What is being asked: Each record should be copied exactly into the answer, and no picture should go with it.

--- Supplied data Enclosed Below ---

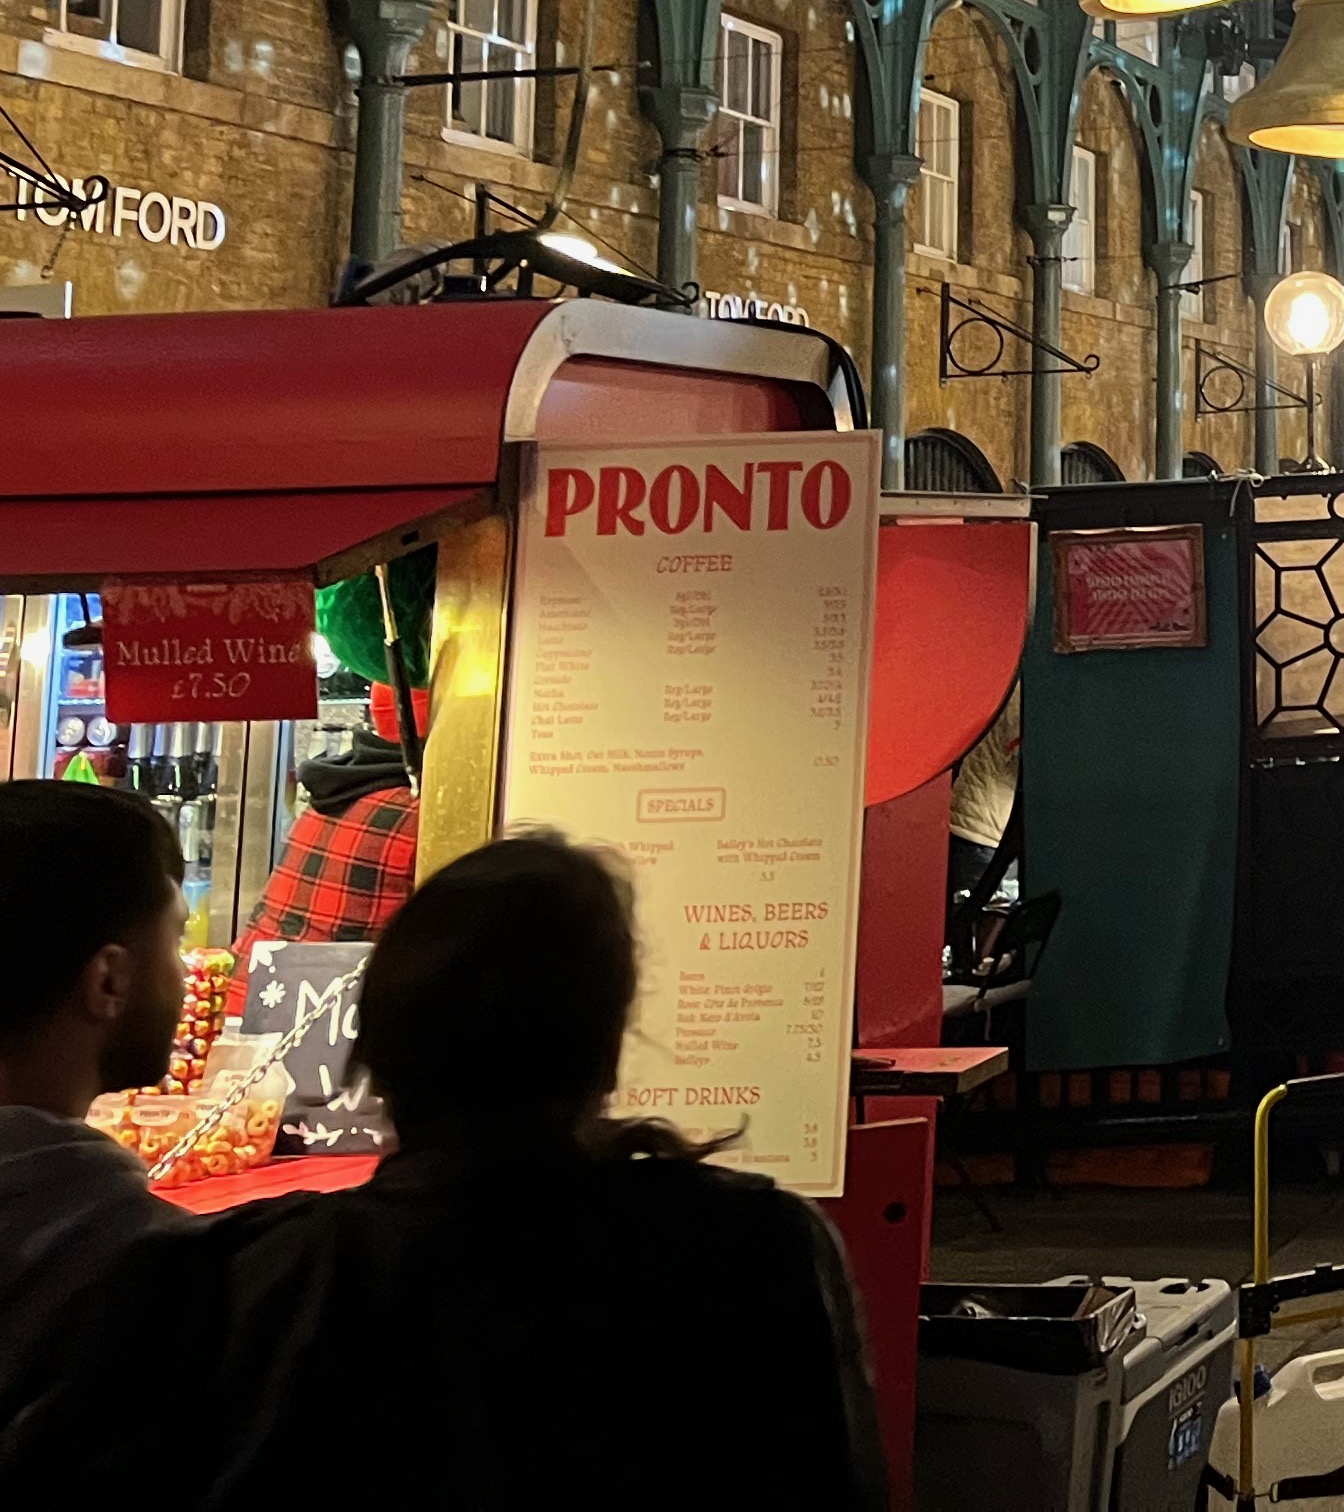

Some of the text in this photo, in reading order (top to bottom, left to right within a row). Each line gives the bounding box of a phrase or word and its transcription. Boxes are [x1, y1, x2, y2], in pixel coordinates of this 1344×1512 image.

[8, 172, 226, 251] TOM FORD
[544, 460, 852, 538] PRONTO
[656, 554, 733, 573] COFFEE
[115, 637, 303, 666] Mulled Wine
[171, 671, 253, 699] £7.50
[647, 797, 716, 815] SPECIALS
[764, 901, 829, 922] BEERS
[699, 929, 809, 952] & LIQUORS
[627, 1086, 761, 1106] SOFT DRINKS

--- End of Enclosed Supplied data ---

Exercise solution:
Some of the text in this photo, in reading order (top to bottom, left to right within a row). Each line gives the bounding box of a phrase or word and its transcription. Boxes are [x1, y1, x2, y2], in pixel coordinates of this 1344×1512 image.

[8, 172, 226, 251] TOM FORD
[544, 460, 852, 538] PRONTO
[656, 554, 733, 573] COFFEE
[115, 637, 303, 666] Mulled Wine
[171, 671, 253, 699] £7.50
[647, 797, 716, 815] SPECIALS
[764, 901, 829, 922] BEERS
[699, 929, 809, 952] & LIQUORS
[627, 1086, 761, 1106] SOFT DRINKS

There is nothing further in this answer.